◆ **EXERCISE PROMPT**:
For every record below, repeat the text exactly and pass over any image.

◆ **DATA**:

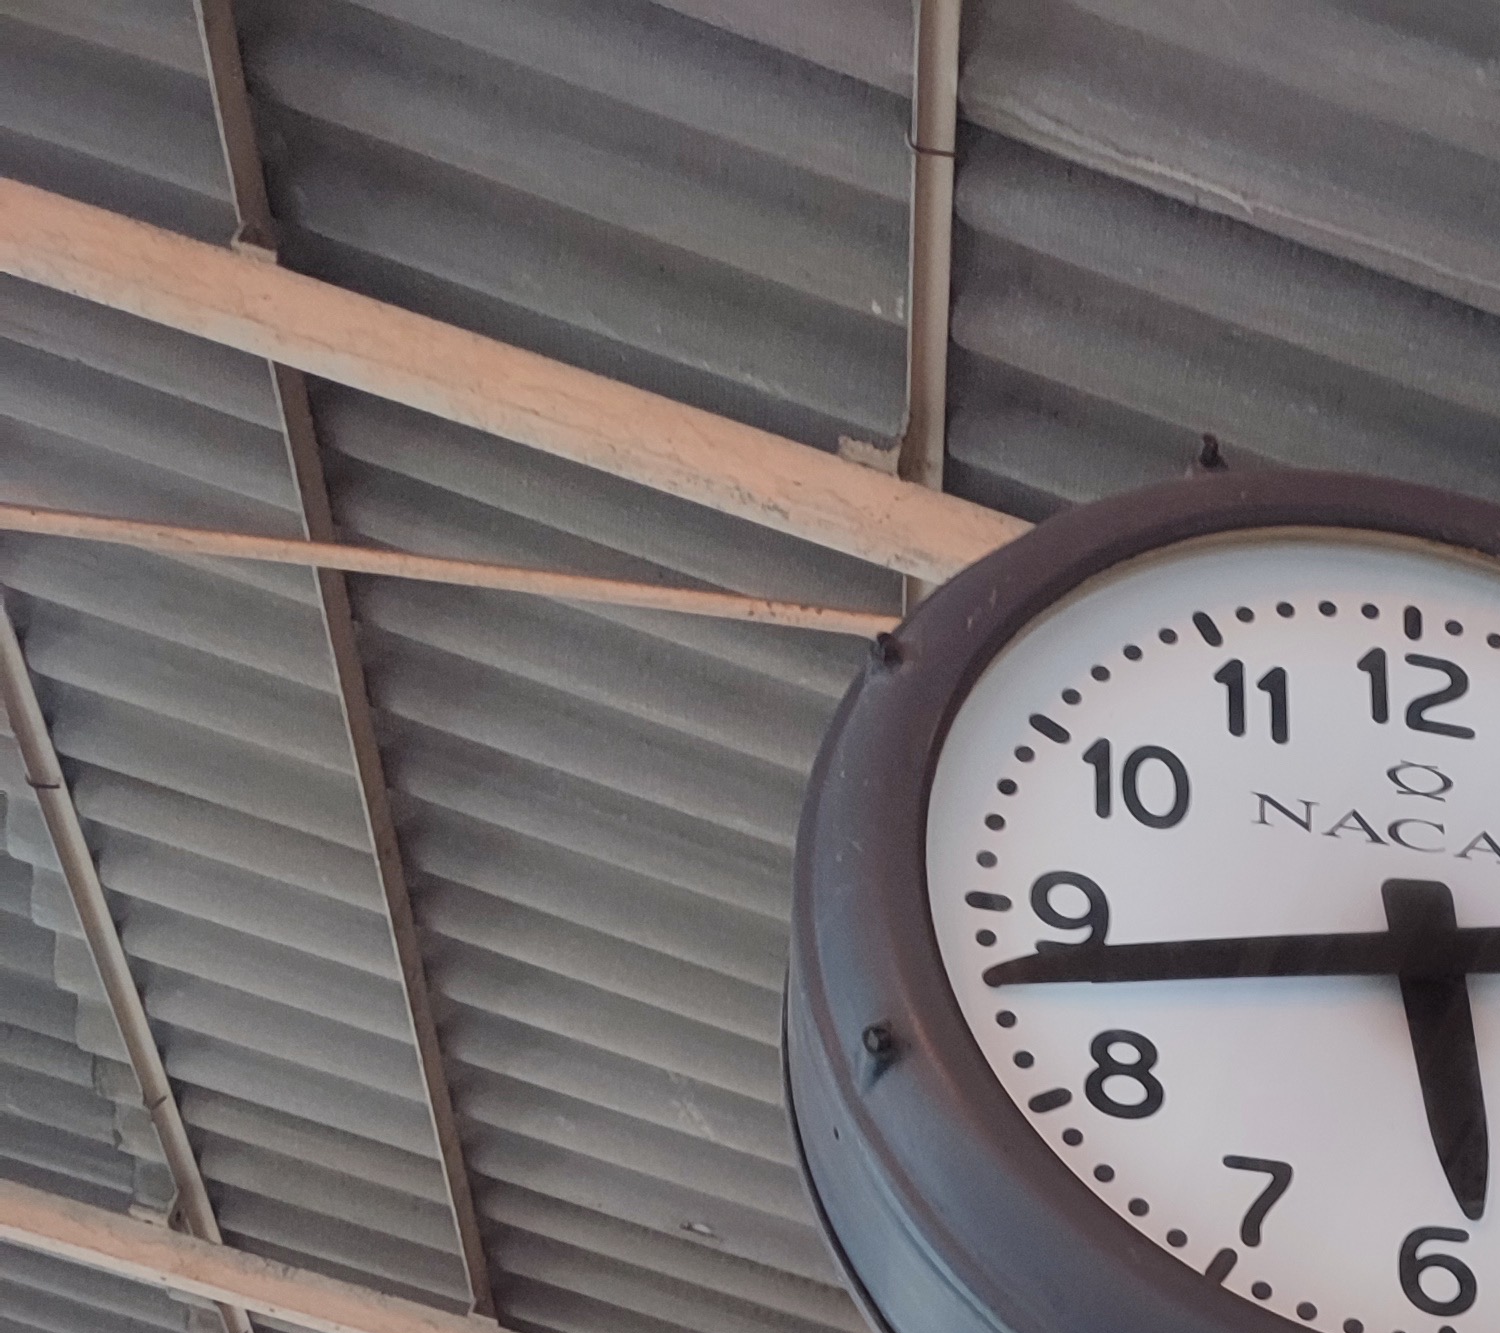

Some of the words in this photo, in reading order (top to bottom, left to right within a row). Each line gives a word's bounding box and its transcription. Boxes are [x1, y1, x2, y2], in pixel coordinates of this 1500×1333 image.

[1213, 658, 1289, 745] 11
[1356, 647, 1476, 740] 12
[1082, 737, 1190, 830] 10
[1029, 870, 1110, 952] 9
[1084, 1029, 1165, 1120] 8
[1222, 1154, 1294, 1248] 7
[1398, 1226, 1478, 1318] 6
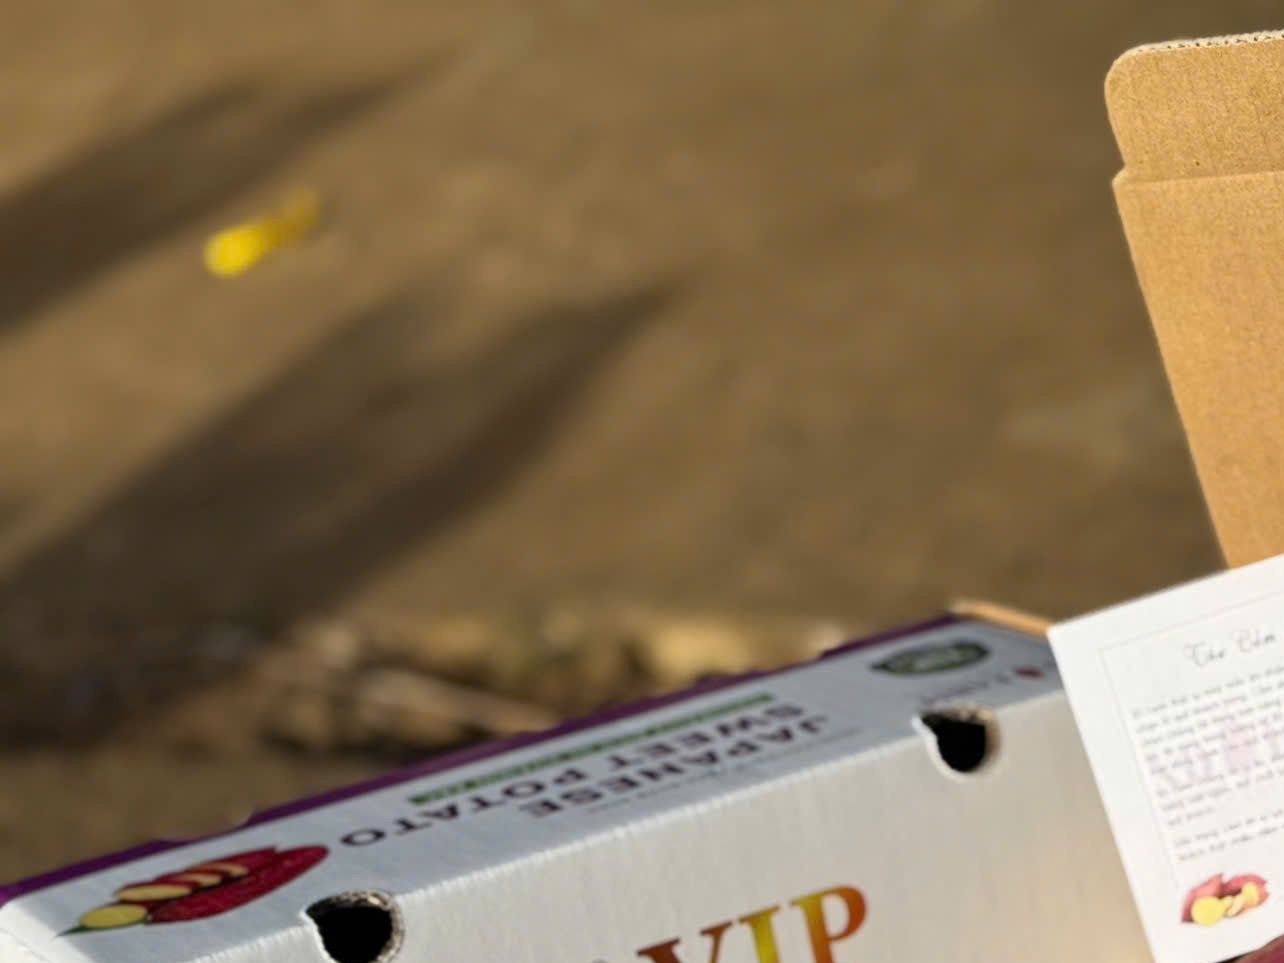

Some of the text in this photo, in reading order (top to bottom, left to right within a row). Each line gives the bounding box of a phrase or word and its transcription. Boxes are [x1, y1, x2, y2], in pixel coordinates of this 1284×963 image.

◆ **WRITTEN ANSWER**:
Some of the words in this photo, in reading order (top to bottom, left to right within a row). Each line gives a word's bounding box and its transcription. Boxes are [x1, y1, x2, y2], in pixel coordinates of this 1500×1333 image.

[1213, 658, 1289, 745] 11
[1356, 647, 1476, 740] 12
[1082, 737, 1190, 830] 10
[1029, 870, 1110, 952] 9
[1084, 1029, 1165, 1120] 8
[1222, 1154, 1294, 1248] 7
[1398, 1226, 1478, 1318] 6

Some of the text in this photo, in reading order (top to bottom, left to right within a row). Each line gives the bounding box of a phrase or word and its transcription. Boxes are [x1, y1, x2, y2], in pixel coordinates of this 1284×963 image.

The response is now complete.